Resumo: O presente artigo científico concentra sua pesquisa na Valoração da Prova do Segurado Especial para fins de concessão do benefício previdenciário. Assim, a luz da doutrina, legislação e entendimentos jurisprudenciais, direciona-se o estudo para a concessão do Benefício Previdenciário a aposentadoria especial rural, considerando os princípios constitucionais e direitos fundamentais ao trabalhador rural. Ademais, é realizada uma análise atual visando os aspectos práticos enfrentados pelo trabalhador rural quando do seu pedido de reconhecimento do período trabalhado na lavoura, a exemplo de inúmeros indeferimentos, não reconhecendo o período trabalhado na lavoura ou zona rural inviabilizando a concessão do benefício para este tipo de trabalhador. Dessa forma, demonstra-se outro enfoque da prova material, ou seja, de início de prova e uma interpretação crítica sobre o tema, a fim de demonstrar o direito ao beneficio previdenciário aos trabalhadores rurais.[1]

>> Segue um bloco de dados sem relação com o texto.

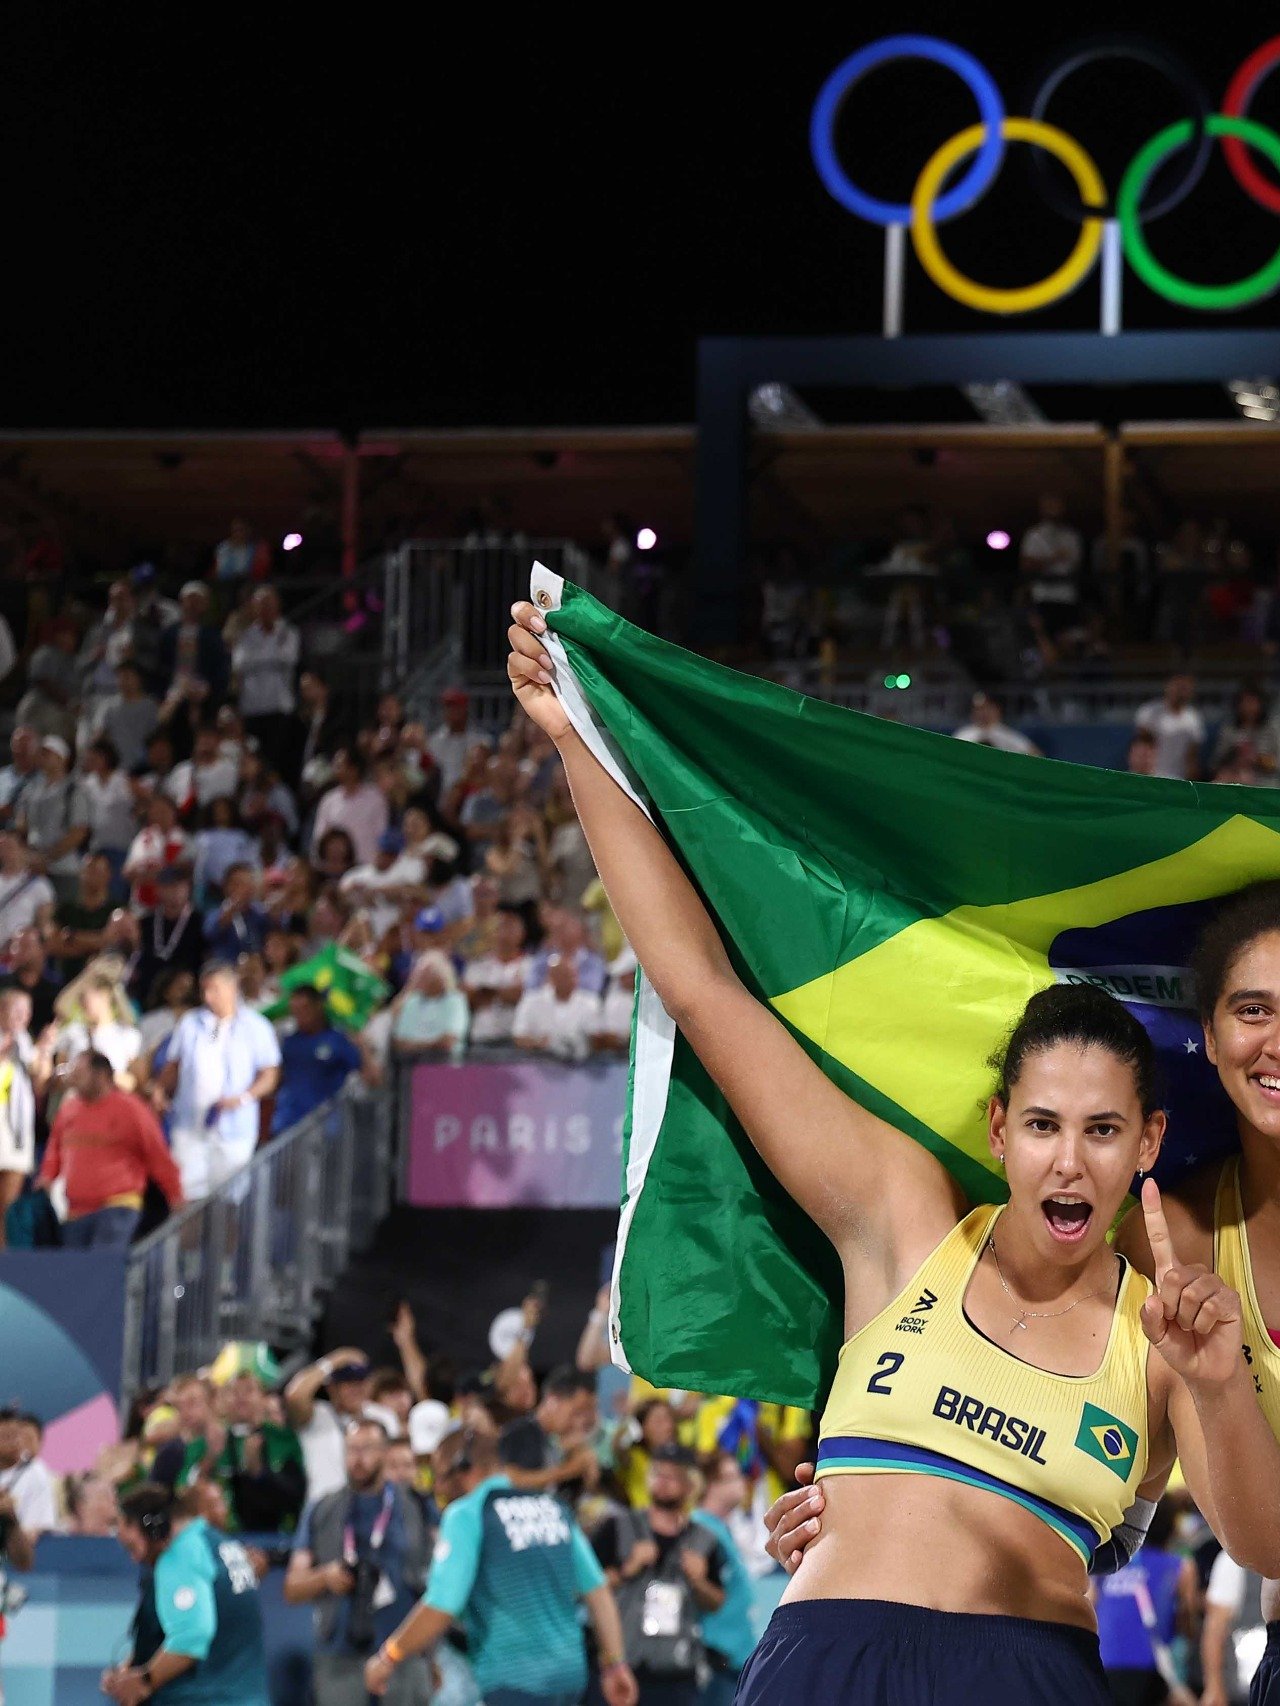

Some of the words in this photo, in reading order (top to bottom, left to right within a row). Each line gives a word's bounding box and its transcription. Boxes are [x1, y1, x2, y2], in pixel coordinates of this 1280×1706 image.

[433, 1113, 592, 1154] PARIS
[895, 1324, 925, 1334] WORK
[900, 1317, 929, 1327] BODY
[867, 1352, 905, 1395] 2
[932, 1385, 1047, 1466] BRASIL

Palavras-chave: Segurado Especial. Mecanismos de Valoração da Prova. Conceitos. Requisitos.

Abstract: This research paper focuses his research on the Valuation of Special Insured test for the pension benefit grant purposes. Thus, the light of doctrine, legislation and jurisprudence understandings, directs the study for granting the Pension Benefit rural special retirement, considering the constitutional principles and fundamental rights of rural workers. In addition, it held a current analysis aimed at the practicalities faced by rural workers when its application for a period worked in the fields, like countless rejections, not recognizing the period worked in agriculture or rural precluding the grant of benefit to this type of worker. Thus it shows up another focus of the test material, ie initial evidence and a critical interpretation of the theme in order to demonstrate the right to social security benefits to rural workers.

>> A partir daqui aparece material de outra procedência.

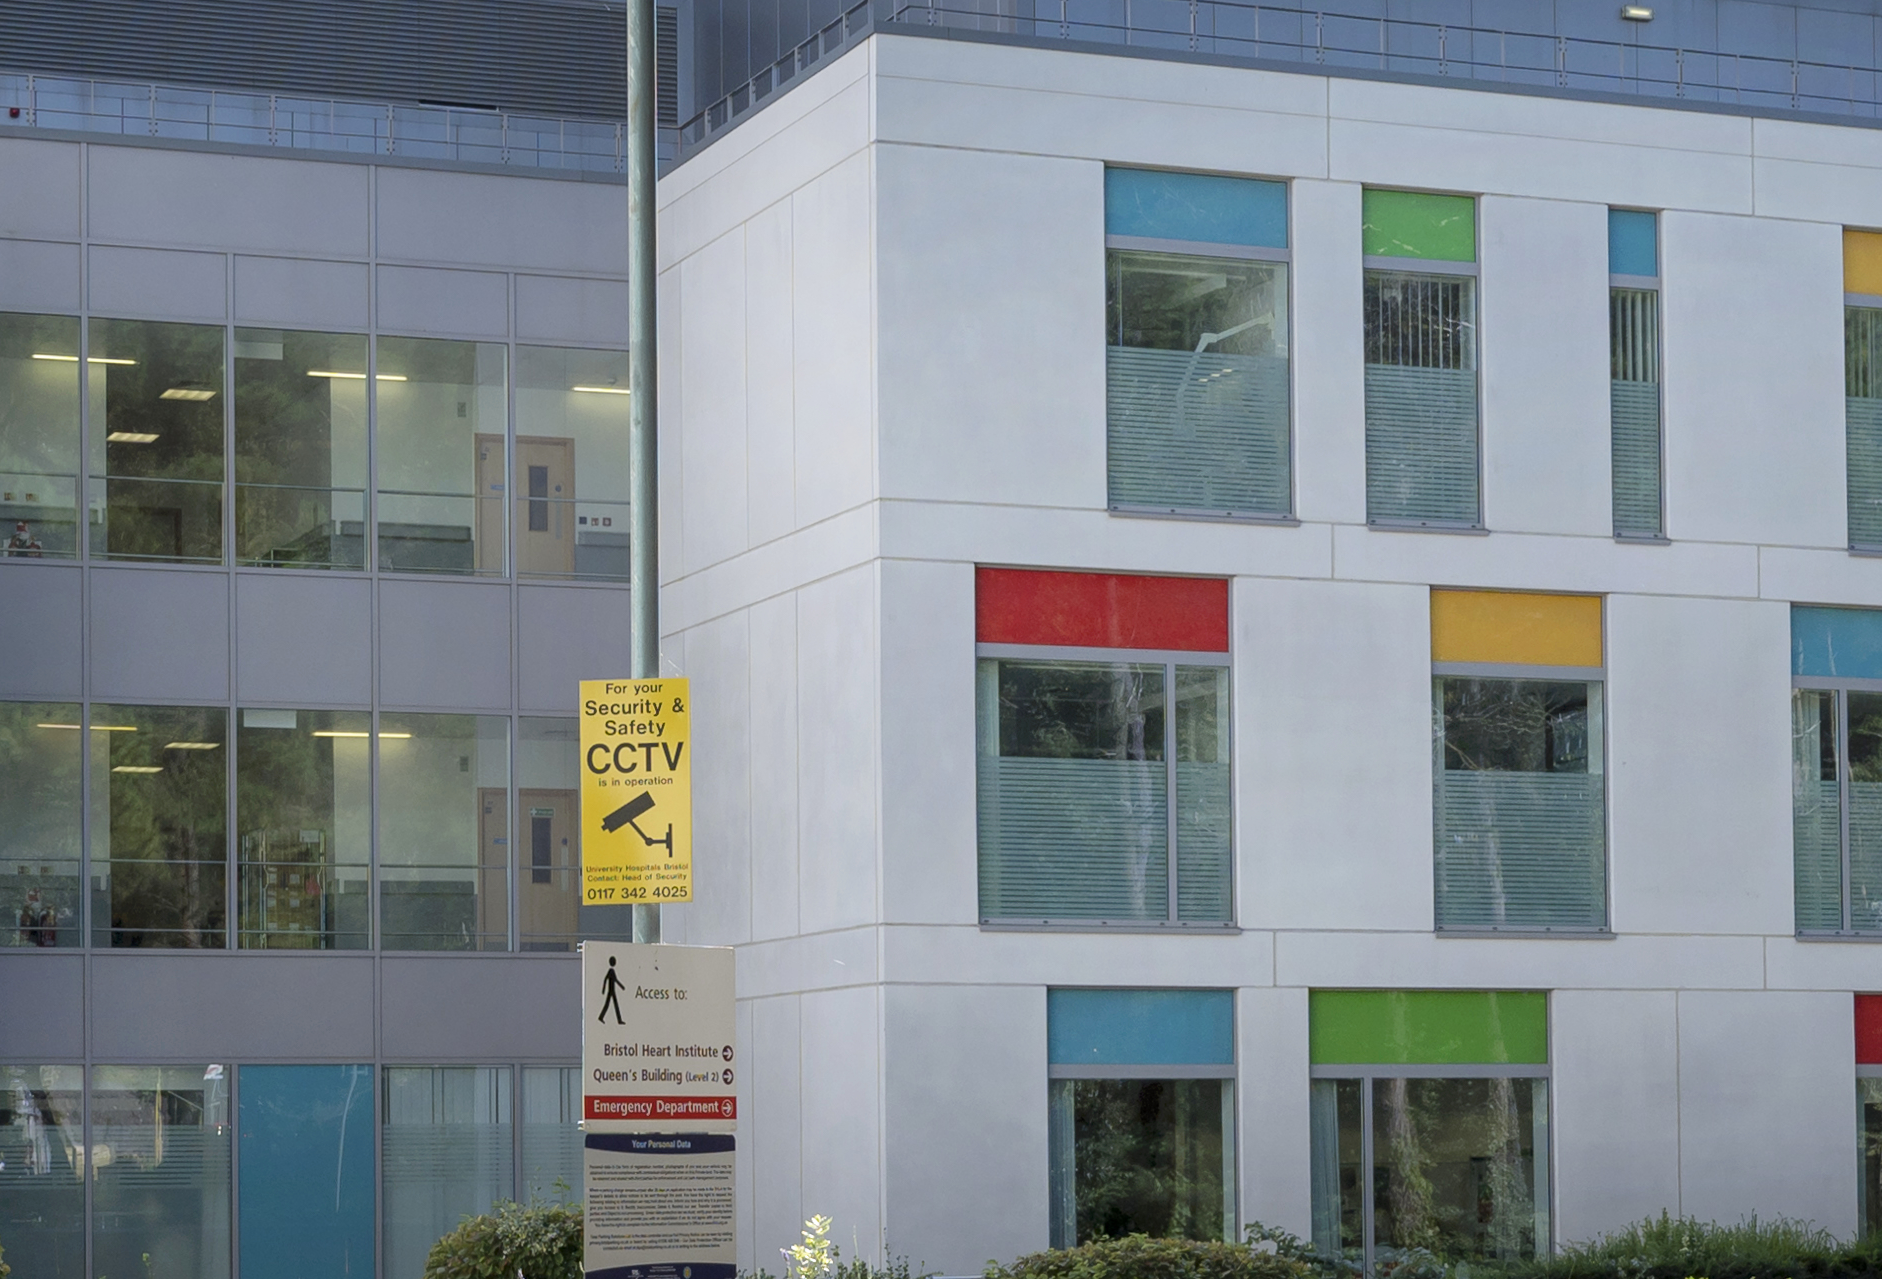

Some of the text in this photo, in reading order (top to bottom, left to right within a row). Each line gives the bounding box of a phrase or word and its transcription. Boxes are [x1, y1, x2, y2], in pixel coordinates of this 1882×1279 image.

[606, 683, 663, 695] For your
[585, 697, 684, 716] Security &
[605, 720, 665, 737] Safety
[586, 742, 684, 774] CCTV
[598, 776, 673, 787] is in operation
[586, 863, 688, 873] University Hospitals Bristol
[656, 873, 687, 881] Security
[587, 886, 687, 900] 0117 342 4025
[635, 985, 687, 1000] Access to:
[604, 1043, 718, 1058] Bristol Heart Institute
[593, 1068, 719, 1085] Queen's Building (Level 2)
[593, 1100, 719, 1116] Emergency Department
[632, 1140, 691, 1148] Your Personal Data

Keywords: Insured Special. Valuation Mechanisms of Evidence. Concepts. Requirements.

Introdução

Inicialmente, observa-se que o início de prova material para a comprovação de tempo de serviço de atividade rural, inclusive em regime de economia familiar, exigido para a concessão do benefício previdenciário, mostra-se uma exceção ao princípio do livre convencimento do Juiz nos casos levados a apreciação do Poder Judiciário.

Essencial observar que, segundo a Lei nº 8.213/1991, conhecida também como Lei de Benefícios da Previdência Social pelas siglas LBPS, o segurado especial tem o direito ao reconhecimento e deferimento a aposentadoria por idade ou por invalidez, auxílio-doença, auxílio-reclusão e pensão por morte, independente do recolhimento de contribuições, a um salário mínimo. Assim, a concessão ao benefício se dá apenas pela necessidade do indivíduo, sem qualquer outro requisito.

Aproximando esses segurados especiais, num primeiro momento, aos dos benefícios assistenciais, sendo para idosos e pessoas com deficiência física, que também não se exige qualquer contraprestação do beneficiário. Entretanto, para os trabalhadores de atividade agrária especialmente em regime de economia familiar, exige-se para a concessão do benefício previdenciário pelo menos o início de prova material da atividade rural.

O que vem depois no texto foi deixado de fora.